__What the exercise asks__: Output every entry exactly as written, but omit the pictures.

__Information supplied__:

# # # # # # #

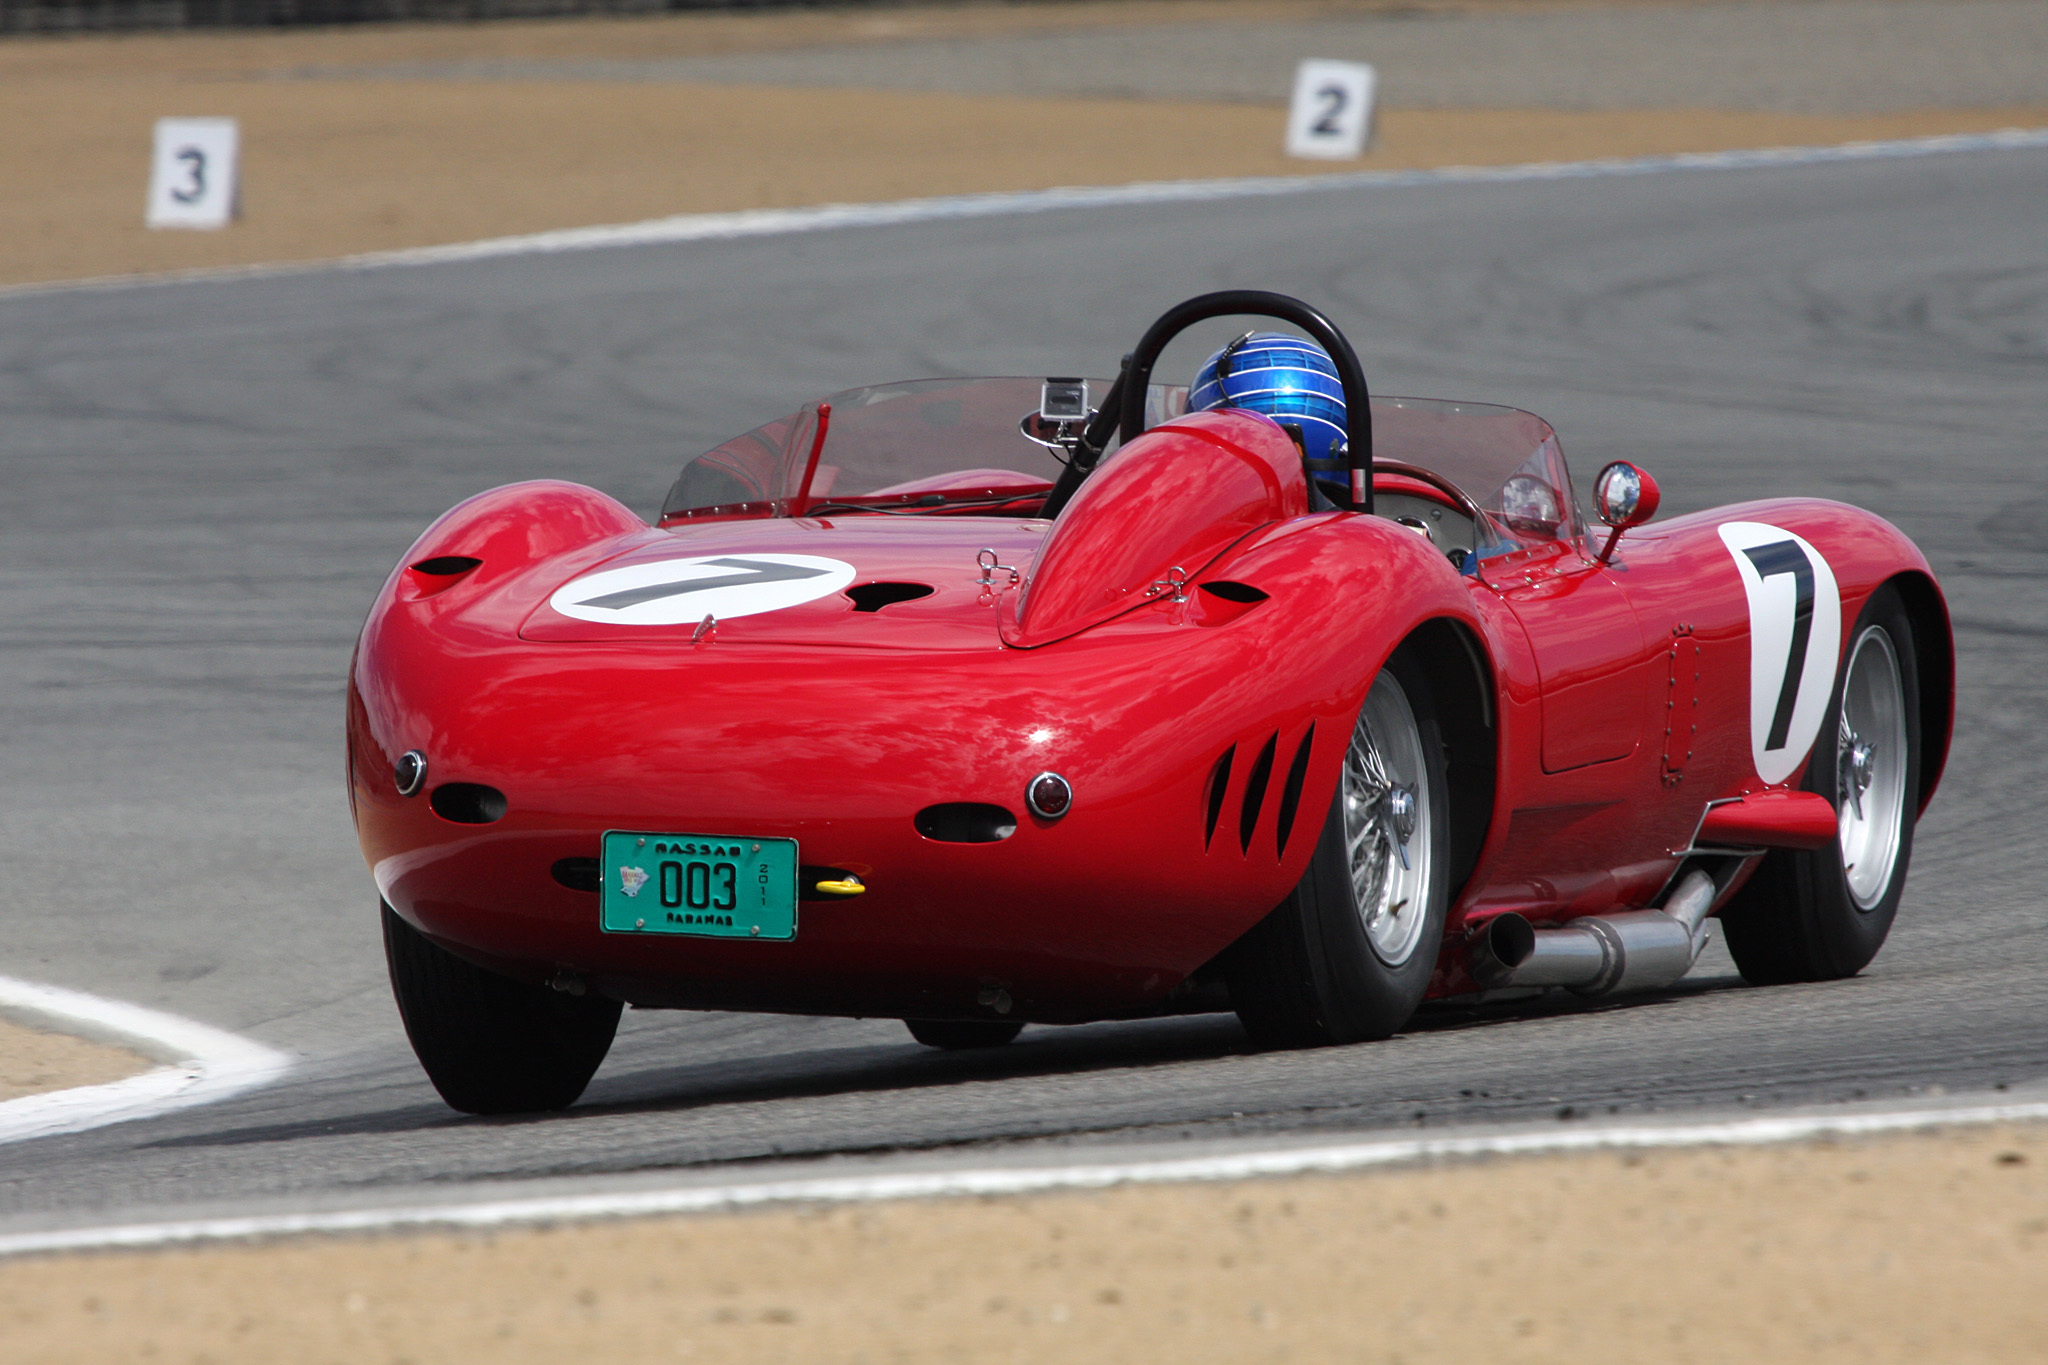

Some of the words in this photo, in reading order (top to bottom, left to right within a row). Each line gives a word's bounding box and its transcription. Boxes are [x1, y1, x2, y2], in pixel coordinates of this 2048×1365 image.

[1308, 84, 1350, 138] 2
[170, 147, 207, 204] 3
[571, 558, 834, 610] 7
[1741, 539, 1816, 751] 7
[655, 843, 741, 857] NASSAU
[660, 860, 737, 910] 003
[758, 864, 769, 906] 2011
[666, 912, 733, 926] BAHAMAS

# # # # # # #

__Answer for the task__:
Some of the words in this photo, in reading order (top to bottom, left to right within a row). Each line gives a word's bounding box and its transcription. Boxes are [x1, y1, x2, y2], in pixel coordinates of this 2048×1365 image.

[1308, 84, 1350, 138] 2
[170, 147, 207, 204] 3
[571, 558, 834, 610] 7
[1741, 539, 1816, 751] 7
[655, 843, 741, 857] NASSAU
[660, 860, 737, 910] 003
[758, 864, 769, 906] 2011
[666, 912, 733, 926] BAHAMAS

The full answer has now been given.